Para defendernos, necesitamos la solidaridad pública que impida que el gobierno nos aísle y nos ataque como individuos criminalizados. A partir de estos momentos decisivos, los trabajadores y las personas oprimidas podrían construir un movimiento de masas amplio y fuerte que defienda las vidas trans, asumiendo la lucha por los derechos de las mujeres, de las personas LGBTQ+ y de la comunidad trans, especialmente vulnerable.
La construcción de campañas de defensa sólidas y eficaces puede verse favorecida cuando la comunidad trans participa en otros espacios de movimiento, como el movimiento por los derechos de los inmigrantes, el movimiento ambientalista, el movimiento de solidaridad por Palestina y los sindicatos.

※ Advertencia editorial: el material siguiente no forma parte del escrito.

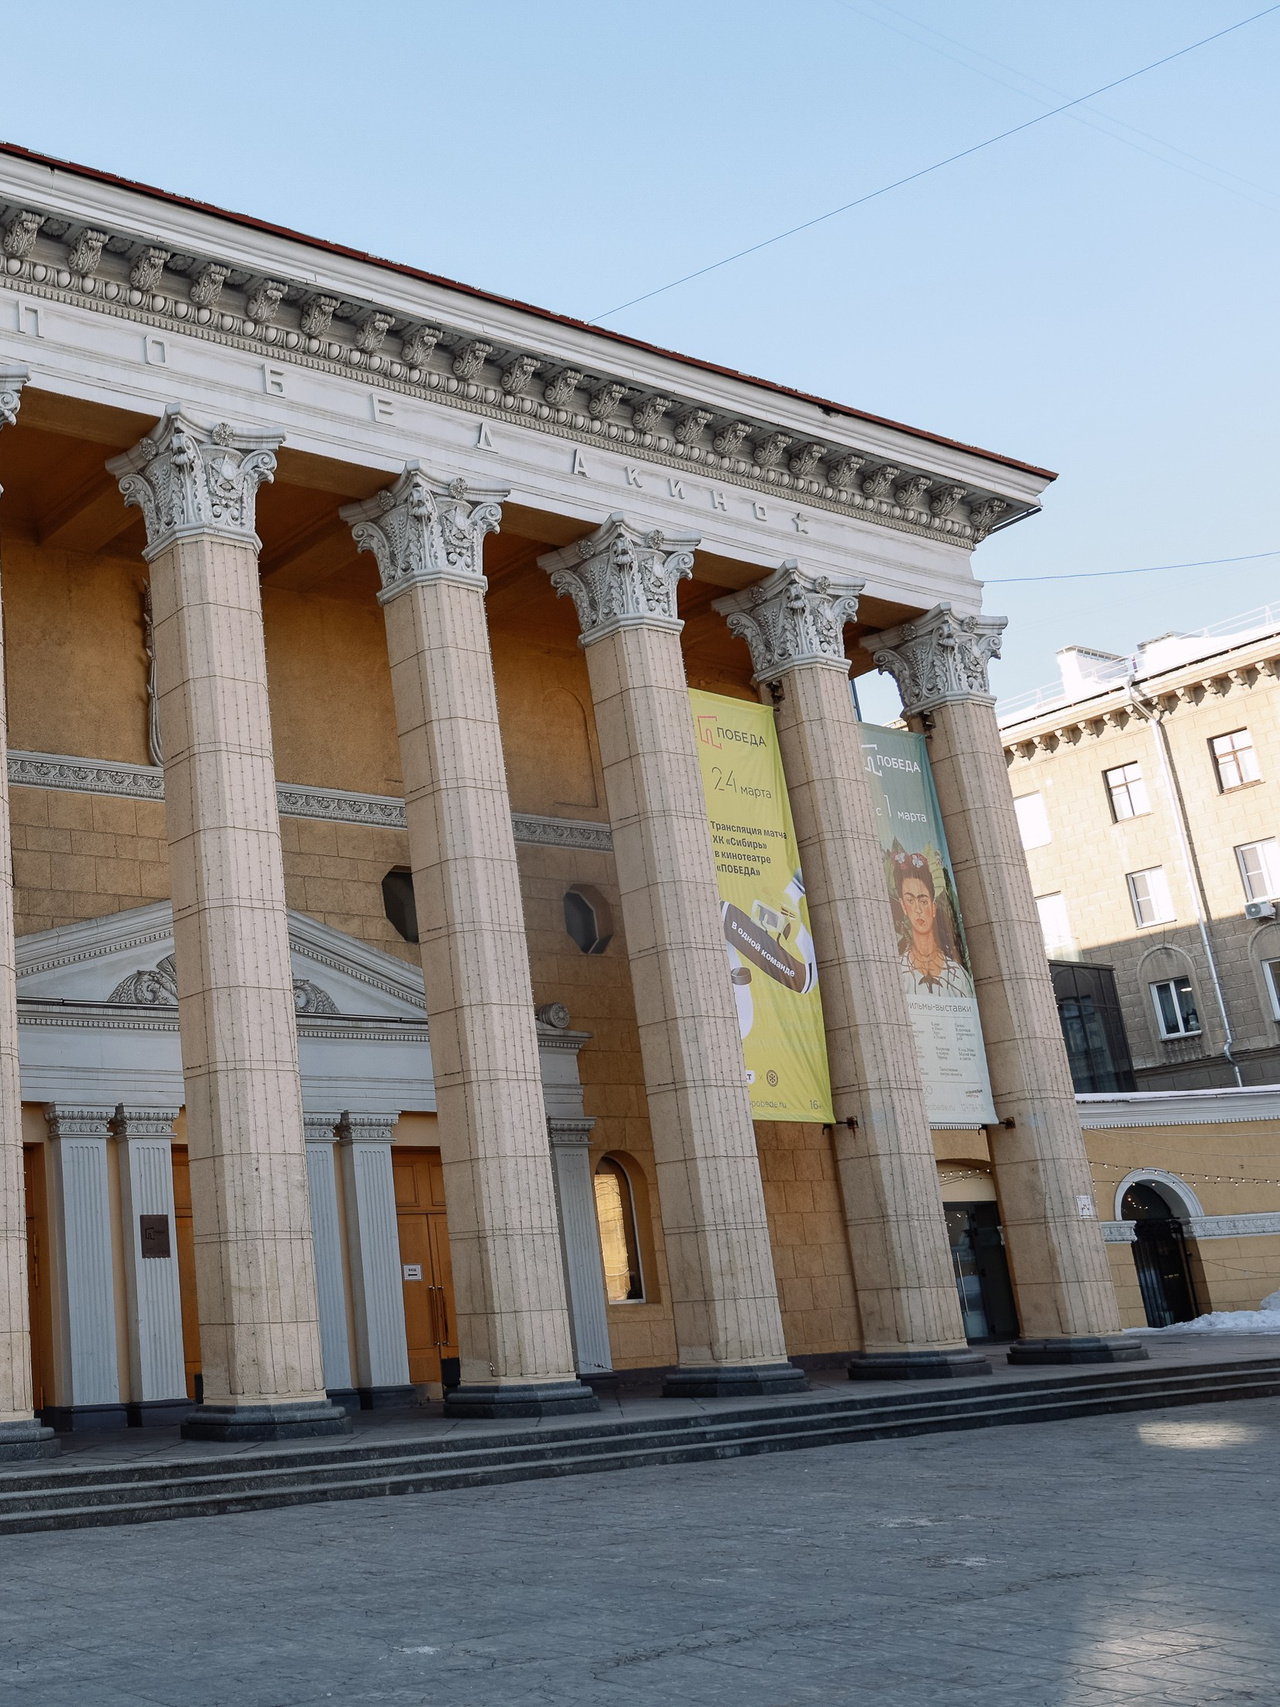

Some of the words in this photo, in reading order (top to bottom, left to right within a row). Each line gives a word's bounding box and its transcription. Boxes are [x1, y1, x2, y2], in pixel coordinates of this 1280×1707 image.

[717, 727, 766, 747] ПОБЕДА
[876, 755, 921, 773] ПОБЕДА
[711, 766, 737, 793] 24
[741, 787, 771, 799] марта
[898, 811, 927, 823] марта
[710, 821, 762, 836] Трансляция
[763, 829, 787, 839] матча
[712, 835, 724, 844] ХК
[726, 837, 767, 850] «Сибирь»
[721, 851, 771, 864] кинотеатре
[717, 864, 761, 877] «ПОБЕДА»
[737, 927, 761, 952] одной
[761, 949, 795, 977] команде
[908, 1002, 971, 1012] ильмы-выставки
[750, 1100, 786, 1108] pobede.ru

Las campañas organizadas por trabajadores sindicalizados podrían llegar a organizar una huelga creíble, lo que podría cambiar el equilibrio de poder en nuestra lucha.
Además, aconsejamos a los aliados del movimiento de liberación trans que se abstengan de acciones que tengan como objetivo «concienciar» sobre nuestra situación mediante enfrentamientos escalados, performativos y aventureros con la policía y la Guardia Nacional. Estas acciones corren el riesgo de alejar al movimiento de sus aliados potenciales. Quienes proponen estos planes carecen de una comprensión completa de la única fuerza que tiene el potencial de lograr avances significativos hacia la liberación: la fuerza de la clase trabajadora unida.

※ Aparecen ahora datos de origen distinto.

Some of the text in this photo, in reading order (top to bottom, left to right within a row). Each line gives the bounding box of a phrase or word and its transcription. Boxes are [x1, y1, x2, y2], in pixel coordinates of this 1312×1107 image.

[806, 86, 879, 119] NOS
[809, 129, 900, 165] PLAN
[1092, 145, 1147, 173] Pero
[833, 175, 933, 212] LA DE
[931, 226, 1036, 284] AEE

La acción masiva de la clase trabajadora es enormemente poderosa. Por ejemplo, solo cuando los manifestantes de Black Lives Matter comenzaron a levantar la consigna «Black Trans Lives Matter» (Las vidas trans negras importan), vimos como la Corte Suprema, liderada por conservadores, hizo un dictamen que protegía a los trabajadores LGBTQ de ser despedidos por su orientación sexual o de género. En 2020, la clase dominante se sintió amenazada por los trabajadores que se unieron para defender a los cuerpos trans negros, por lo que cedió en el caso Bostock contra el condado de Clayton. Pero hoy se sienten menos amenazados, y por eso sucedio la decisión Skrmetti. La diferencia entre el Tribunal que dictó esa sentencia y el que vemos hoy es la fuerza de nuestra solidaridad.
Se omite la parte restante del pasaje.